(Recorded data)

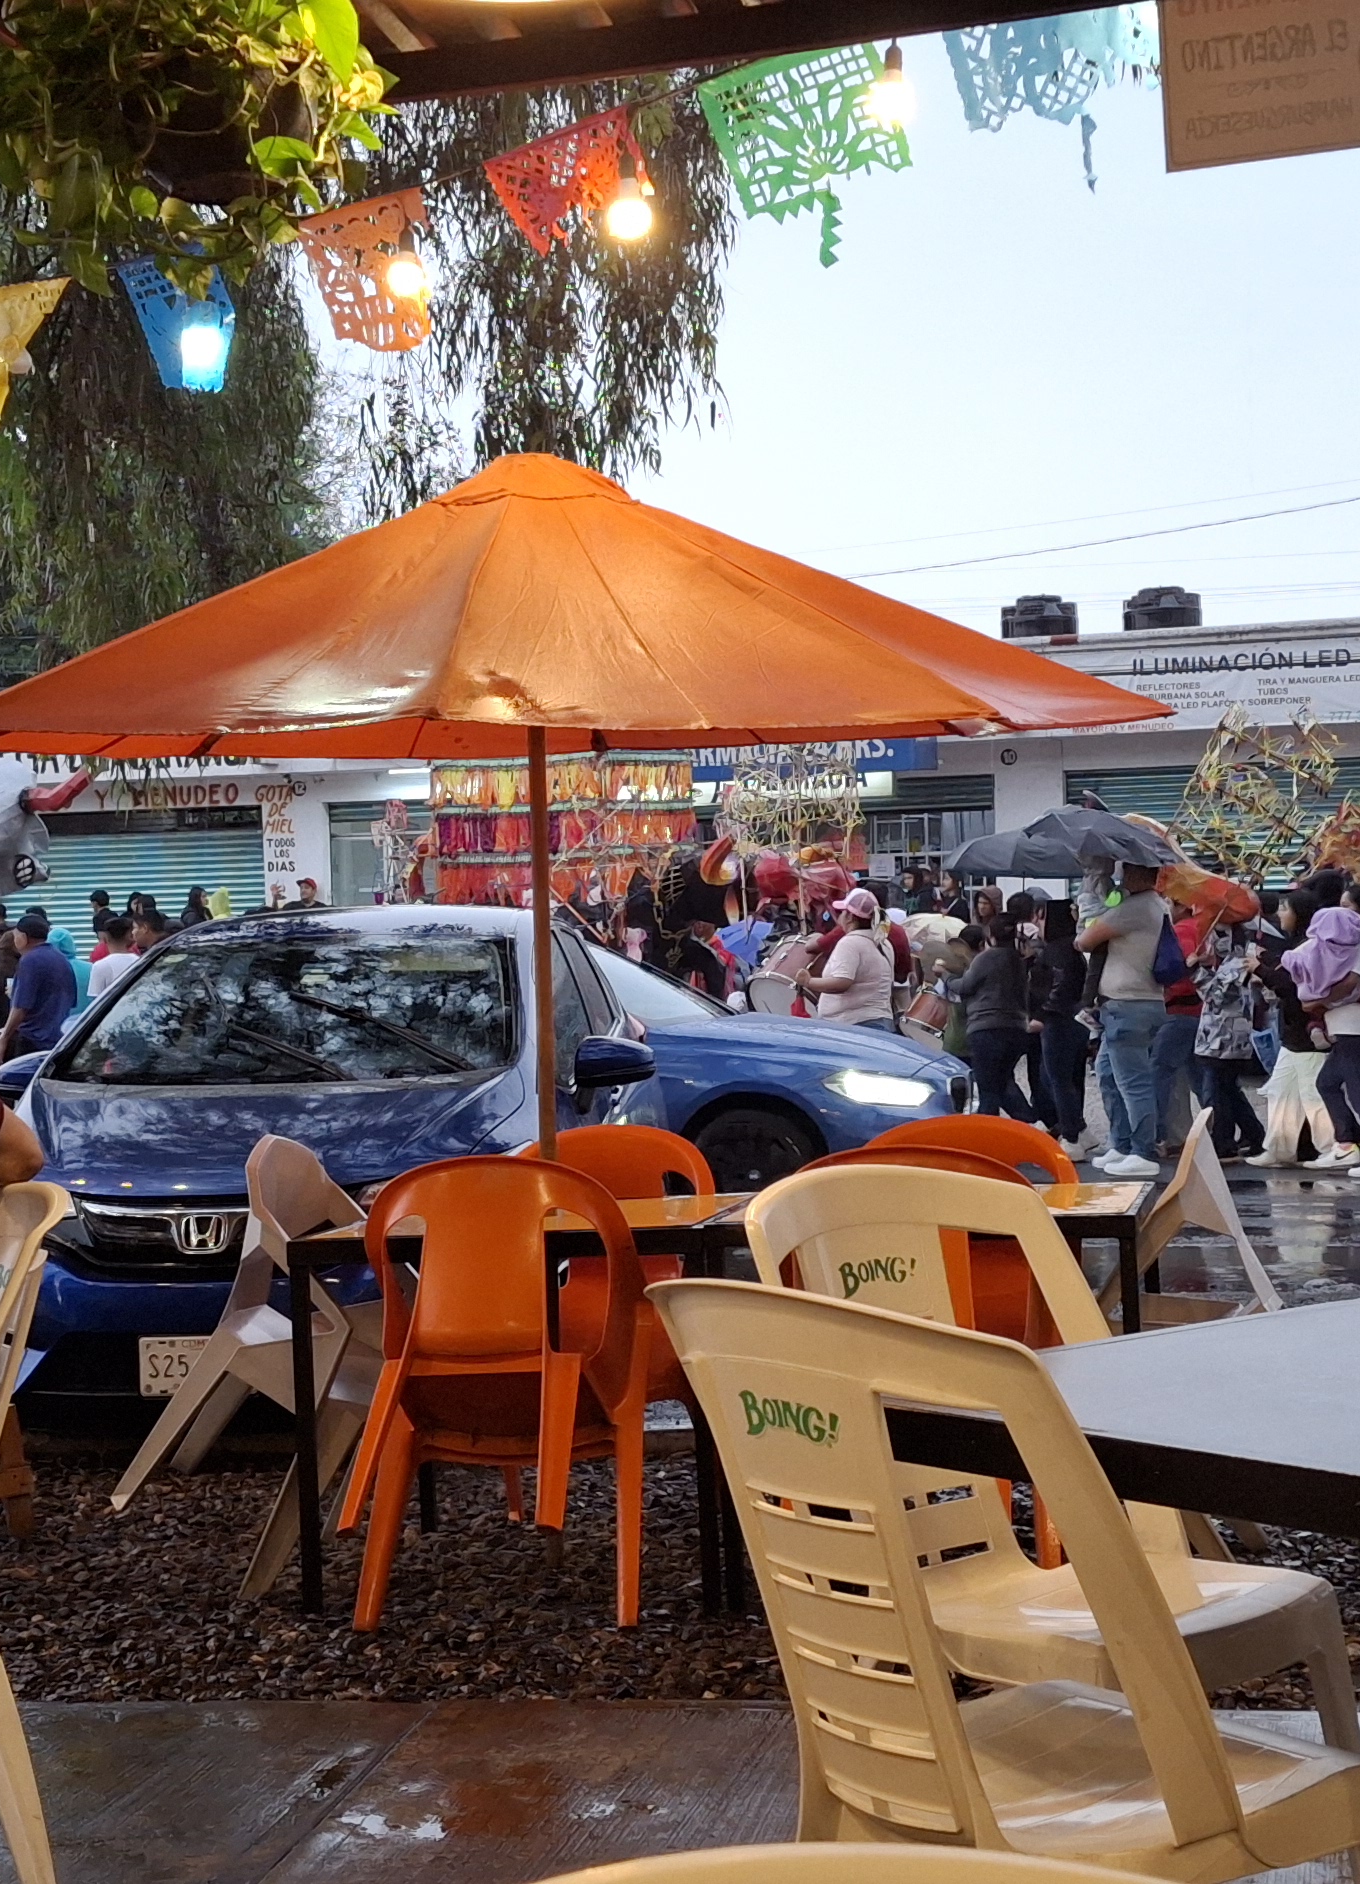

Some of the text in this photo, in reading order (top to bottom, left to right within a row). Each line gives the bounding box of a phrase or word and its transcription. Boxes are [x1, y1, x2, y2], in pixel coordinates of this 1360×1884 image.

[1133, 648, 1351, 676] ILUMINACIÓN LED
[1136, 682, 1200, 692] REFLECTORES
[1257, 678, 1278, 686] TIRA
[1288, 676, 1340, 685] MANGUERA
[1195, 690, 1225, 698] SOLAR
[1257, 688, 1288, 696] TUBOS
[1186, 701, 1198, 709] LED
[1248, 697, 1311, 706] SOBREPONER
[1328, 711, 1353, 721] 777
[1073, 724, 1117, 734] MAYOREO
[1128, 722, 1174, 731] MENUDEO
[255, 784, 294, 803] GOTA
[268, 801, 288, 818] DE
[263, 819, 295, 835] MIEL
[266, 838, 296, 848] TODOS
[274, 849, 290, 858] LOS
[267, 861, 296, 873] DIAS
[839, 1256, 917, 1299] BOING!
[182, 1339, 206, 1349] CDM
[148, 1353, 189, 1379] S25
[738, 1390, 840, 1448] BOING!
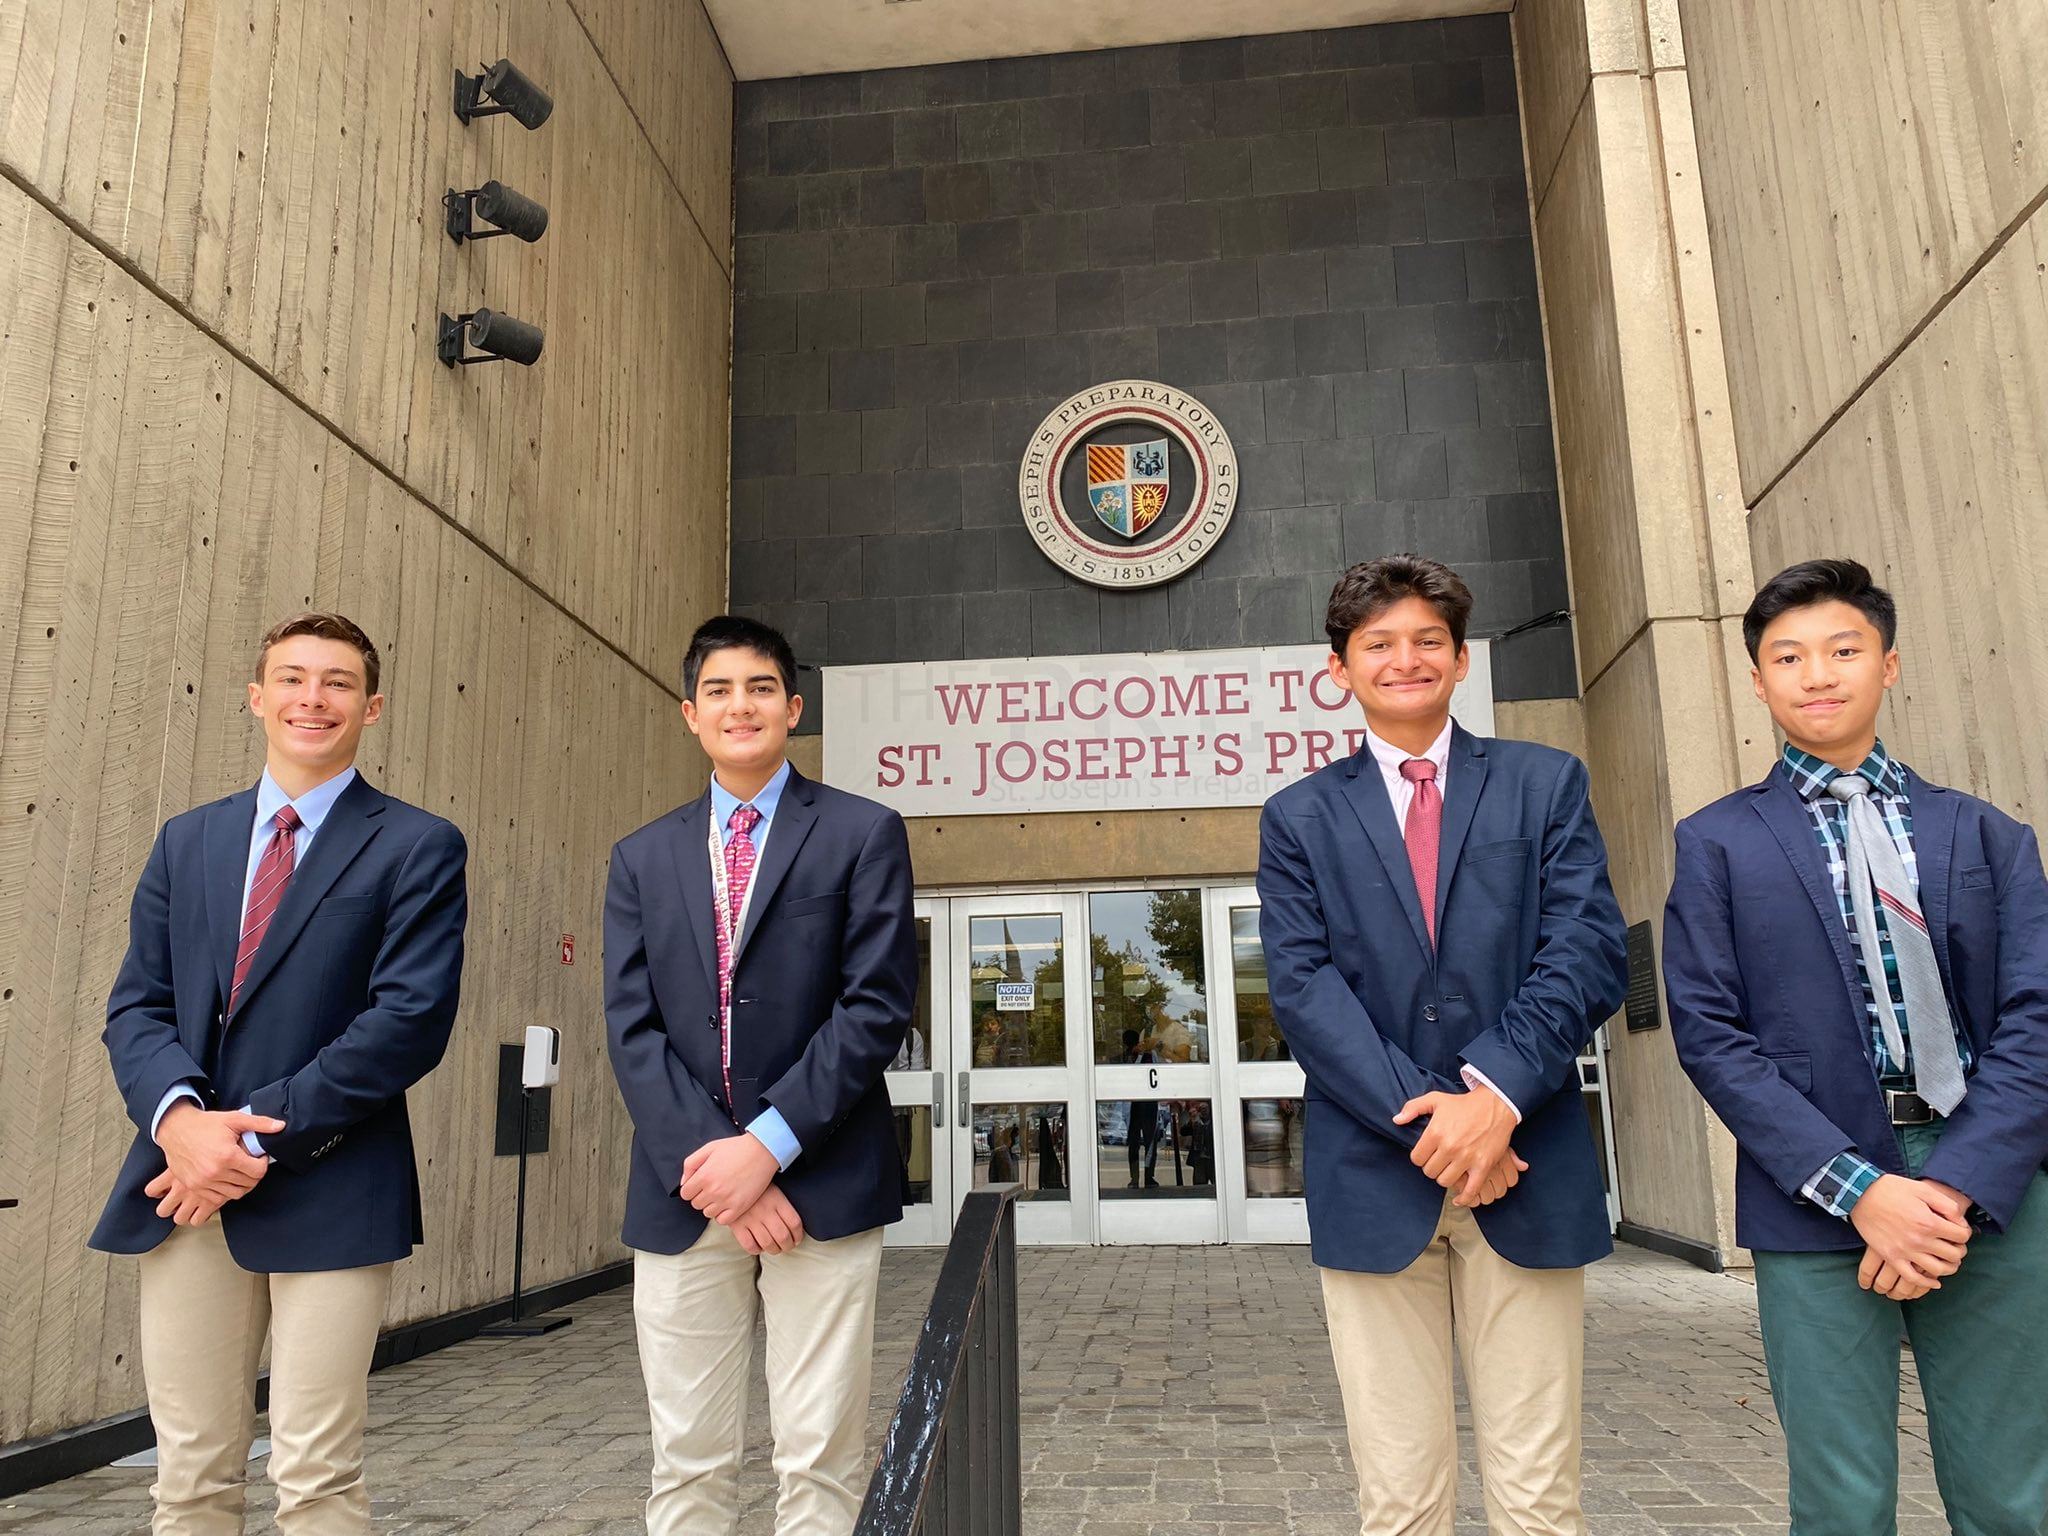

(End Recorded data)

Repeat each line of the records exactly, dropping the pictures.

*Answer for this exercise*
Some of the text in this photo, in reading order (top to bottom, left to right within a row). Each line gives the bounding box of a phrase or word and its transcription. Boxes are [x1, y1, x2, y2], in pixel coordinates of this 1360×1884 image.

[1133, 648, 1351, 676] ILUMINACIÓN LED
[1136, 682, 1200, 692] REFLECTORES
[1257, 678, 1278, 686] TIRA
[1288, 676, 1340, 685] MANGUERA
[1195, 690, 1225, 698] SOLAR
[1257, 688, 1288, 696] TUBOS
[1186, 701, 1198, 709] LED
[1248, 697, 1311, 706] SOBREPONER
[1328, 711, 1353, 721] 777
[1073, 724, 1117, 734] MAYOREO
[1128, 722, 1174, 731] MENUDEO
[255, 784, 294, 803] GOTA
[268, 801, 288, 818] DE
[263, 819, 295, 835] MIEL
[266, 838, 296, 848] TODOS
[274, 849, 290, 858] LOS
[267, 861, 296, 873] DIAS
[839, 1256, 917, 1299] BOING!
[182, 1339, 206, 1349] CDM
[148, 1353, 189, 1379] S25
[738, 1390, 840, 1448] BOING!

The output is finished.